A intervenção federal no Rio de Janeiro mal teve tempo de estabelecer-se e por em prática um projeto de enfrentamento à criminalidade e eis que ocorre a execução de Marielle, para tocar fogo, no que já ardia em chamas. A morte de Marielle, tragédia quase que anunciada (nas últimas eleições, 14 candidatos a vereador foram mortos na baixada fluminense), infelizmente não chegou a surpreender os especialistas do ramo. Ela veio a confirmar o fato de que estamos nos estágios iniciais pelos quais já passaram o México e a Colômbia, décadas atrás. Marielle vinha incomodando facções criminosas, denunciando a máfia dos ônibus, a violência das milícias e a corrupção governamental. Jovem, empolgada e combativa, foi vítima de sua inexperiência e inequívoca honestidade. Marielle se foi, fez história trágica, mas servirá de estímulo para que outras ou outros assumam o bastão que ela carregava com invulgar coragem e determinação.

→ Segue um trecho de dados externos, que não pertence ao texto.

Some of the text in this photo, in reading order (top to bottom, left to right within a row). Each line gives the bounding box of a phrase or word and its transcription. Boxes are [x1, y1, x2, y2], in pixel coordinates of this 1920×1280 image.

A abjeta campanha difamatória com a qual tentaram macular a sua imagem e seu legado não obteve êxito. A verdade sobre quem era Marielle veio à tona e desmoralizou os abutres de sempre. Agora, cabe às autoridades investigarem o crime que abalou a nação e apontarem, o mais depressa possível, quem são os autores dessa barbárie, o que lançará luz sobre os motivos que levaram esses animais a tirarem a vida de Marielle. Acredito que a completa elucidação nesse caso criminal será decisiva para abrir a caixa-preta das falanges que agem com desenvoltura nos bolsões da criminalidade, encrustados nas favelas cariocas. Isto posto, ao que tudo indica, os criminosos se verão frente a frente com a realidade resultante de grande mal que fizeram no dia em que saíram de suas tocas, armados e decididos a ceifar a vida de uma jovem mãe inocente, que apenas fazia seu trabalho: melhorar o mundo em que vivemos. Adeus, Marielle. Que Deus a tenha em bom lugar. A opinião pública nacional, atônita, permanece perplexa diante das circunstâncias e motivação absurdas, que deram causa a eliminação de Marielle Franco.

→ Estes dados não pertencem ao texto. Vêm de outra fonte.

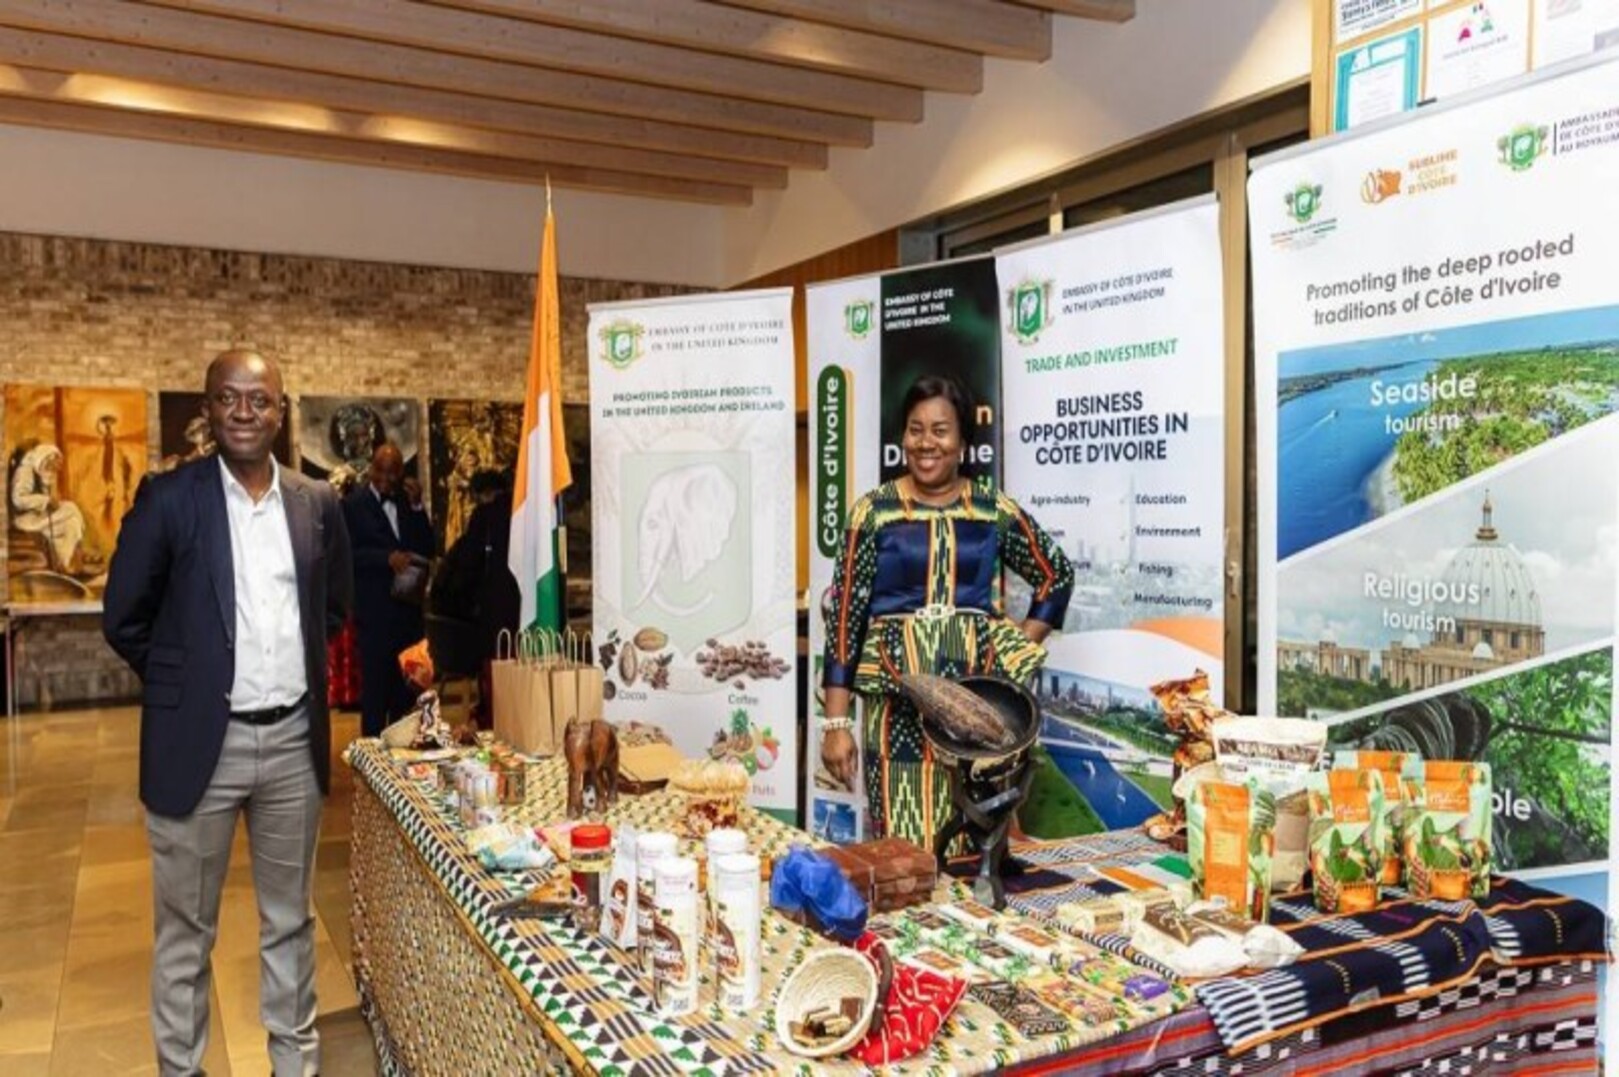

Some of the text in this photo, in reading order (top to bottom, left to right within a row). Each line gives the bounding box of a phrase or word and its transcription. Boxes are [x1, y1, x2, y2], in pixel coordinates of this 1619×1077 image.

[1306, 233, 1575, 302] Promoting the deep rooted
[1062, 284, 1098, 299] EMBASSY
[1100, 280, 1110, 292] OF
[1062, 287, 1166, 314] IN THE UNITED KINGDOM
[1314, 271, 1562, 325] traditions of Côte d'Ivoire
[666, 340, 683, 351] THE
[687, 338, 726, 349] UNITED
[728, 335, 778, 347] KINGDOM
[1025, 338, 1178, 374] TRADE AND INVESTMENT
[613, 391, 669, 404] PROMOTING
[720, 386, 773, 398] PRODUCTS
[1370, 373, 1477, 406] Seaside
[602, 400, 786, 418] IN THE UNITED KINGDOM AND IRELAND
[1057, 390, 1143, 418] BUSINESS
[1020, 414, 1159, 444] OPPORTUNITIES
[1165, 412, 1188, 434] IN
[1384, 409, 1460, 435] tourism
[822, 376, 838, 547] Côte d'Ivoire
[1035, 439, 1167, 466] CÔTE D'IVOIRE
[1030, 493, 1091, 508] Agro-industry
[1135, 493, 1187, 505] Education
[1135, 525, 1201, 537] Environment
[1139, 561, 1173, 578] Fishing
[1134, 591, 1213, 611] Manufacturing
[1364, 572, 1480, 607] Religious
[1383, 607, 1456, 633] tourism
[618, 690, 647, 702] Cocoa

Para se ter ideia da espécie, basta, por amostragem, registramos a recomendação feita aos executores, por um dos mandantes, o ex-Chefe da Polícia Civil do Rio de Janeiro, Rivaldo Barbosa, ao determinar que a execução de Marielle não ocorresse nas imediações da Câmara Municipal do RJ, para não despertar suspeitas de crime político. Como se vê, ao que tudo indica, o Rio de Janeiro não tem as mínimas condições políticas, morais, econômicas e jurídicas, para sequer sonhar um dia, voltar a ser a Cidade Maravilhosa, que todo o Brasil admirava e amava, e que inspirou Gilberto Gil, no seu magistral Aquele abraço, samba composto em 1969. Que as palavras e os acordes de 'Aquele abraço' inspirem os cariocas a lutarem por um Rio de Janeiro decente, onde a vida e a liberdade sejam respeitadas, a violência não tenha voz e Marielle e tantos outros que partiram injustamente, sejam lembrados como símbolos da luta por um mundo melhor.